She has forcefully immersed us within the walls of a hospital, ensuring that we don’t just understand but feel the anguish that comes with the vulnerability of being a patient. Our NHS is one of the greatest gifts of being a citizen in this country, but it is continuously abused with funding cuts, and we begrudgingly watch much of it decay as government spending finds necessity elsewhere.
What else Christie is speaking to us about is the importance of nurses themselves. Often, we dazzle the abilities and achievements of doctors, too often casting a shadow against the fundamental work of nurses. They are there before the doctor arrives, as they show, and when they leave. They are the ever present gift in a room where they are too often seen as the less important party.
“We should all be helping each other.”
“Love is the only thing that matters. Fall in love. That’s the only thing that matters, in the end. Love each other.”

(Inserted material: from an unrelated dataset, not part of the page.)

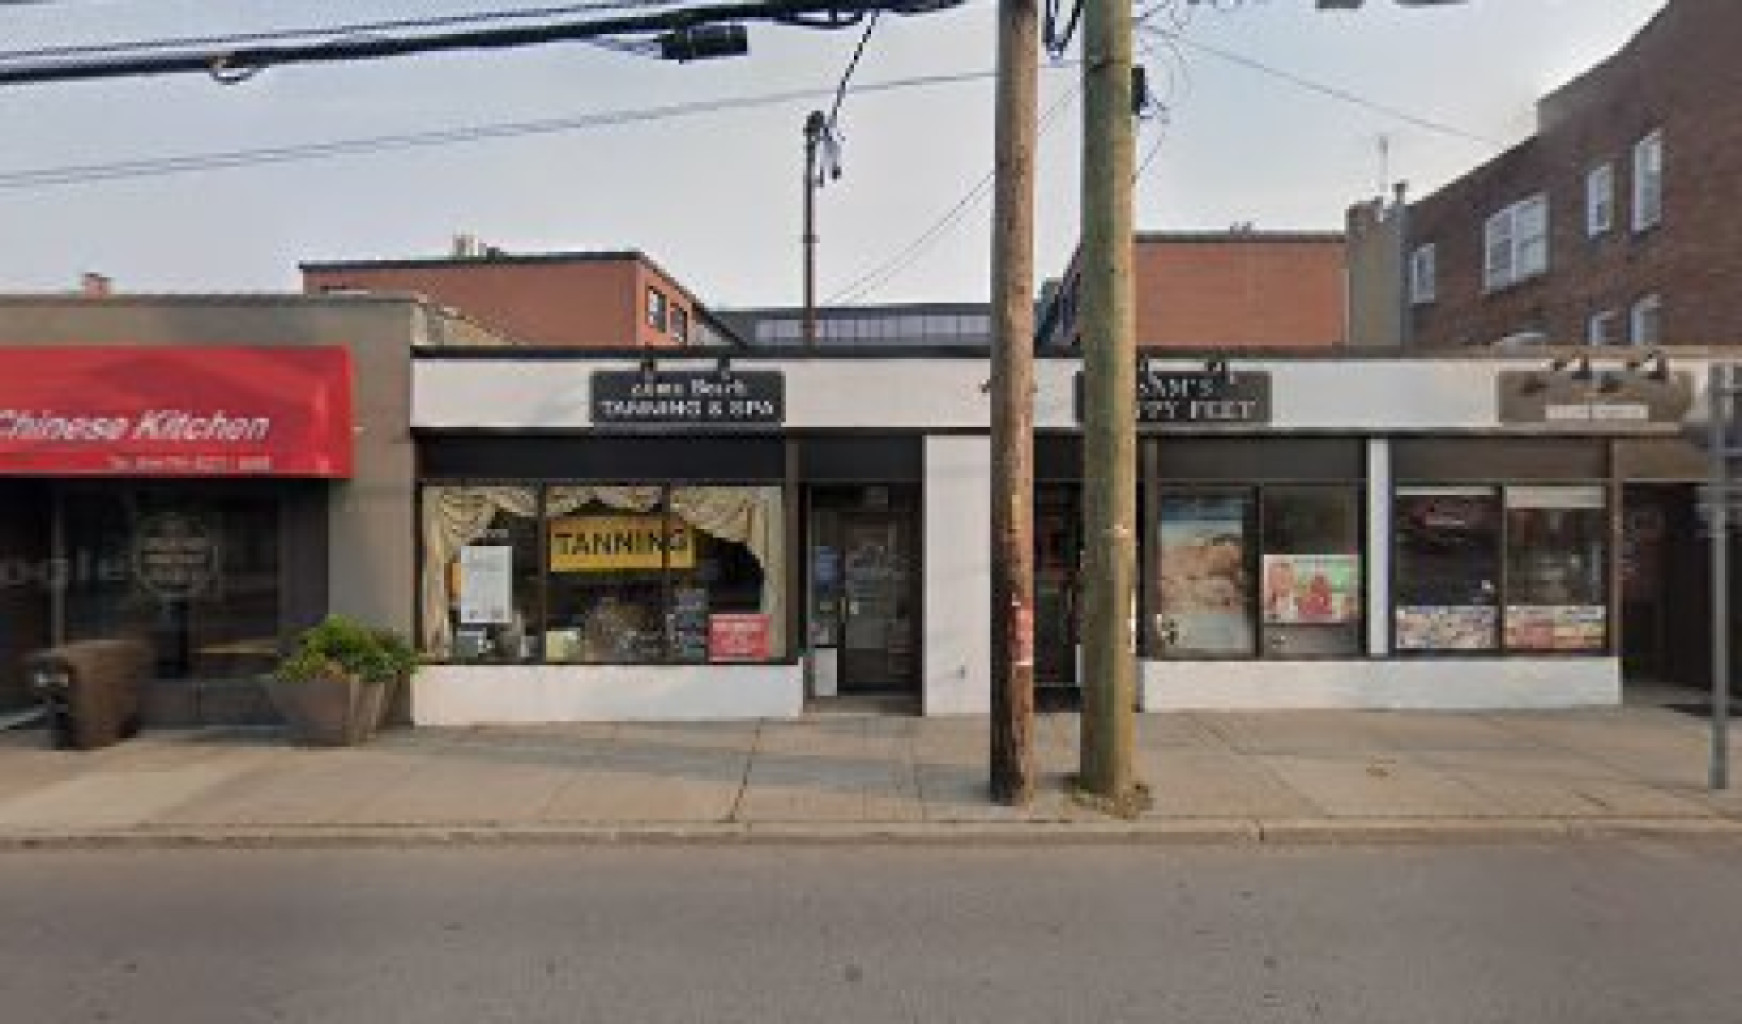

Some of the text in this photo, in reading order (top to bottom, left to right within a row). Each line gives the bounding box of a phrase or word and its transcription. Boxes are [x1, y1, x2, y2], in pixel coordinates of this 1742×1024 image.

[601, 400, 774, 417] TANNING & SPA
[131, 409, 270, 440] Kitchen
[553, 528, 693, 556] TANNING

Christie and her experiences caring for sick children with incurable diseases, adults with painfully exhausting illnesses and her own livelihood evoke a surreal sense of perspective. At any one given moment, we ourselves or those we love can be thrust into a situation which can bring us within an inch of death. This book is not written to scare us but rather to expand our reality.

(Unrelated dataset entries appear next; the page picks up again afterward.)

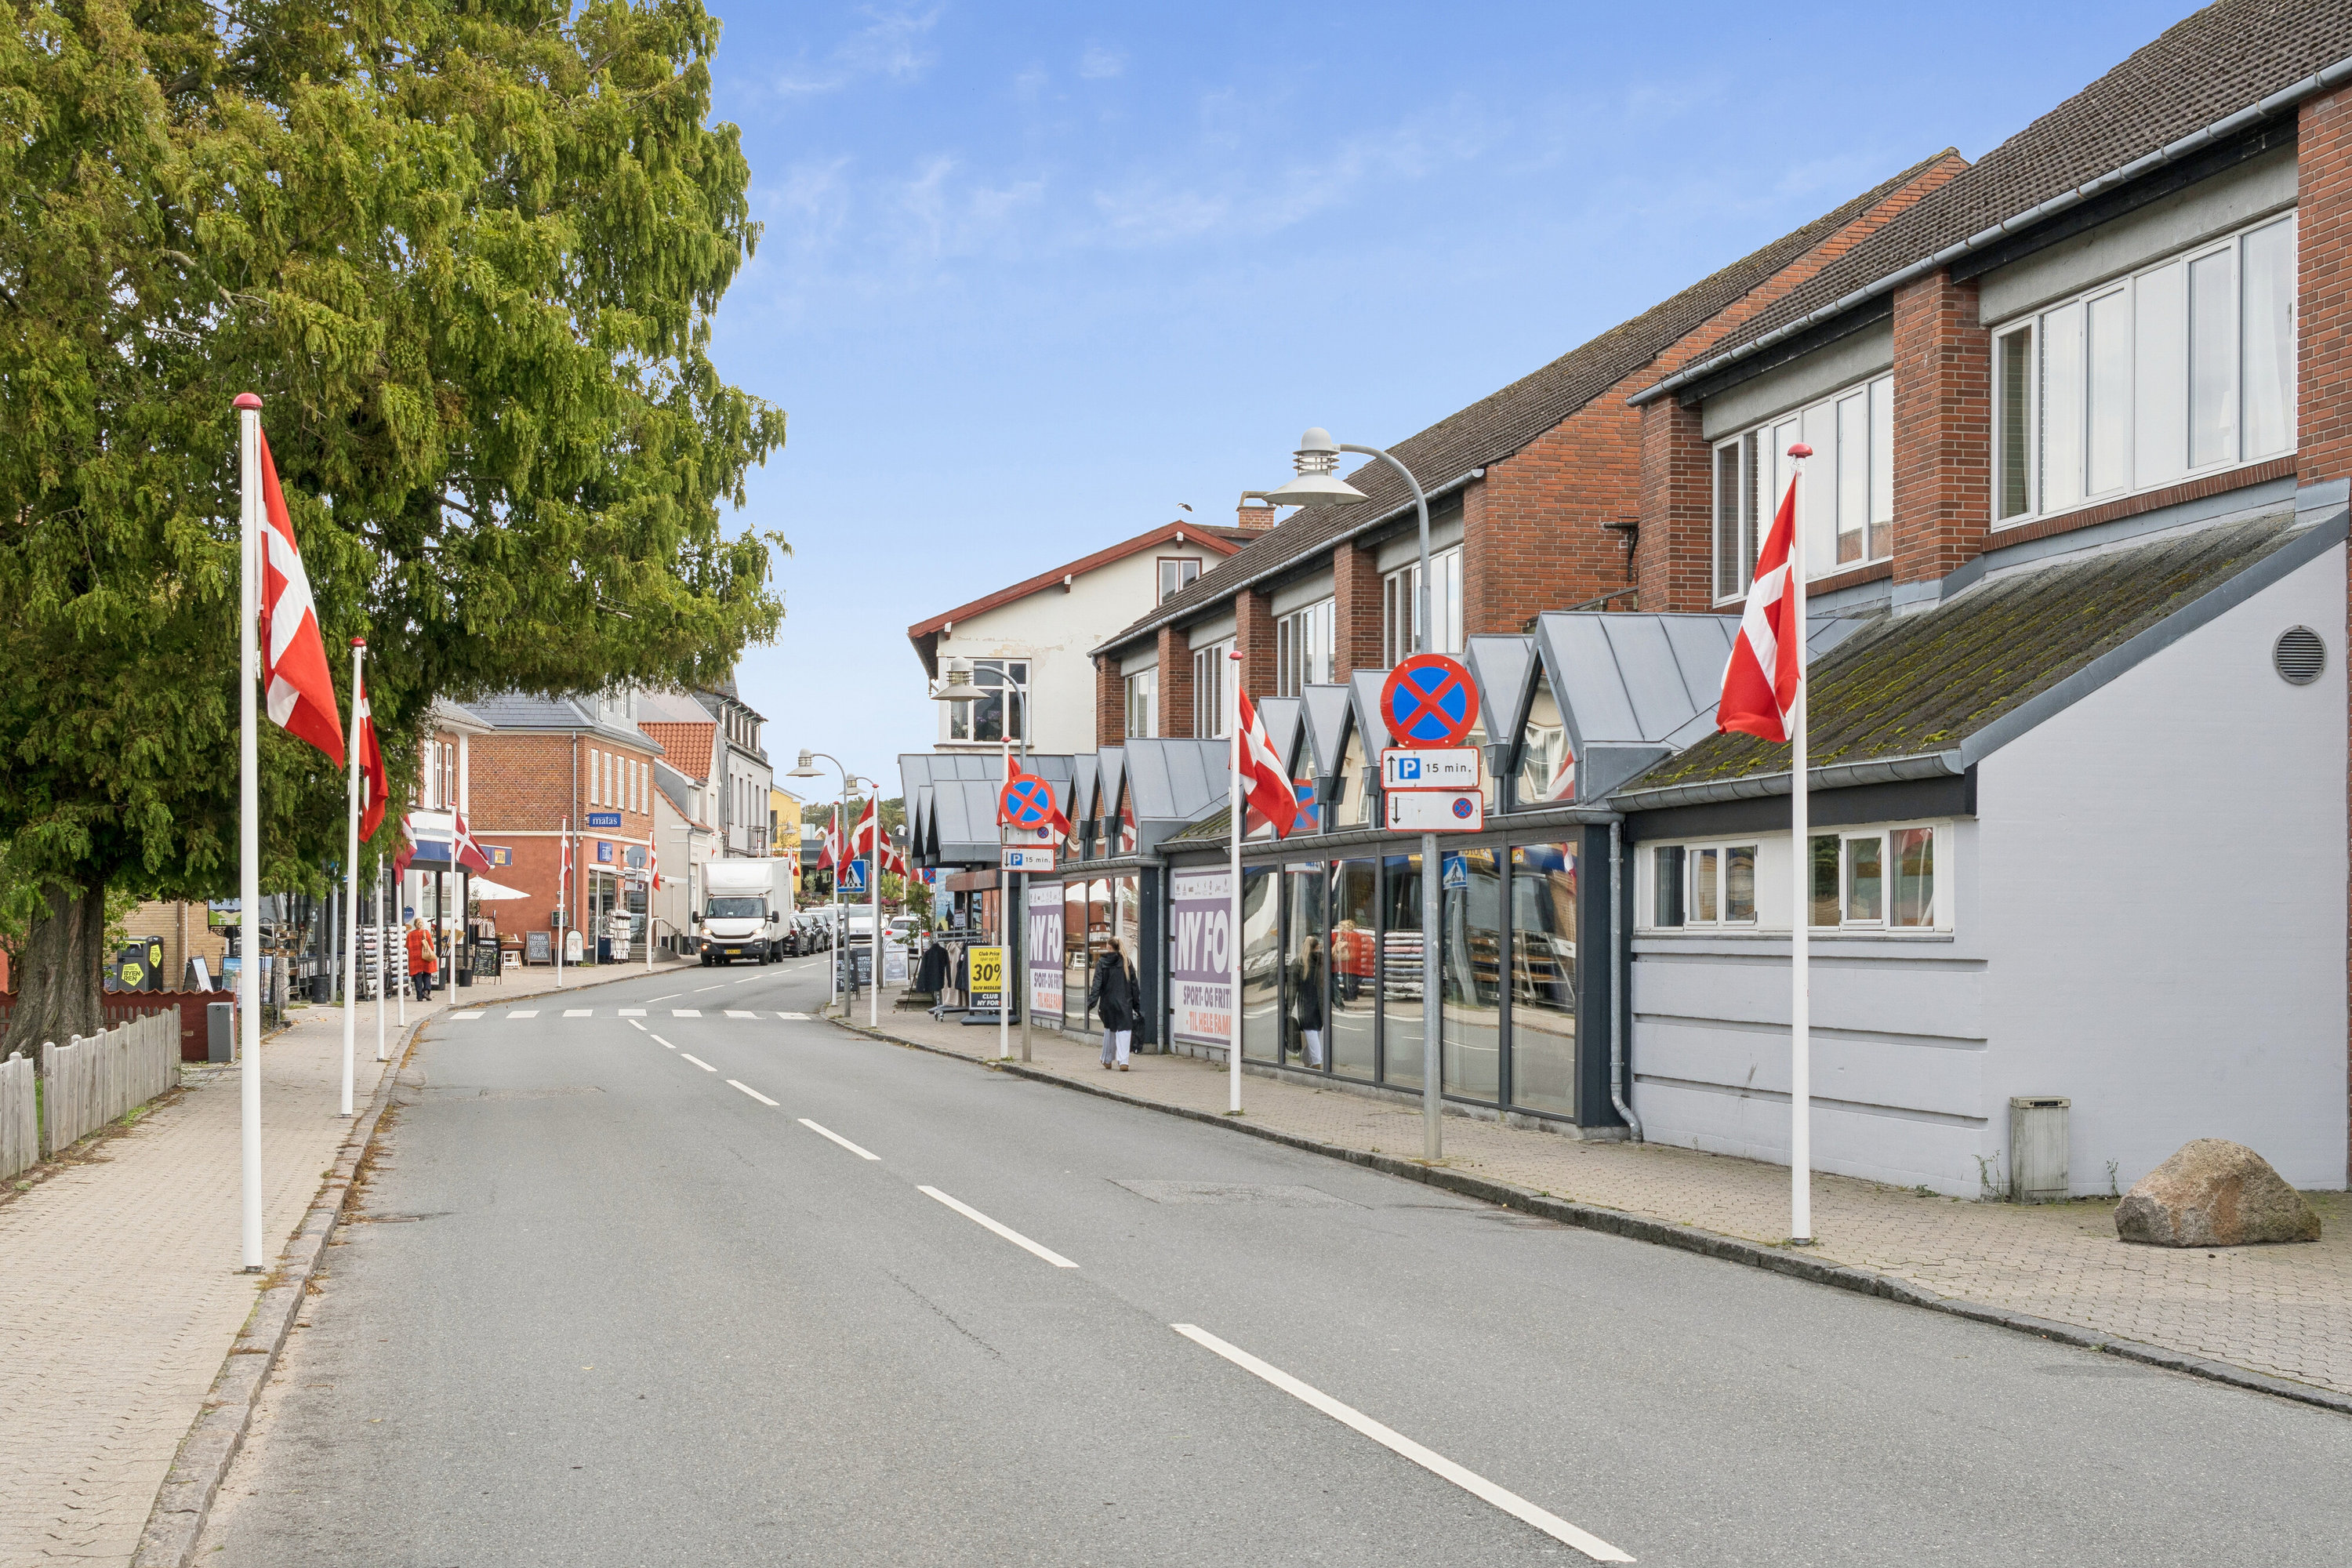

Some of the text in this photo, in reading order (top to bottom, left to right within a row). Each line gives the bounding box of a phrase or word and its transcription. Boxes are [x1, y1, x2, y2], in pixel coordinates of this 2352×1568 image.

[1403, 760, 1417, 778] P
[1426, 763, 1439, 773] 15
[592, 816, 618, 825] matas
[1029, 913, 1062, 963] NY FO
[1177, 909, 1231, 974] NY FO
[1204, 986, 1214, 1007] OG
[1189, 1011, 1198, 1032] TIL
[1199, 1012, 1214, 1033] HELE

She is day by day witnessing things many of us won’t ever have to experiences outside of watching something on the television. We have become desensitised and neutralised to our own lack of immortality. We are selfish to ourselves, and even more so to the rest of those around us. We take life as a definite when it is the one thing we have no day to day guarantee of. What tomorrow can bring cannot be written in stone today. We are constantly scribing into sand on a beach.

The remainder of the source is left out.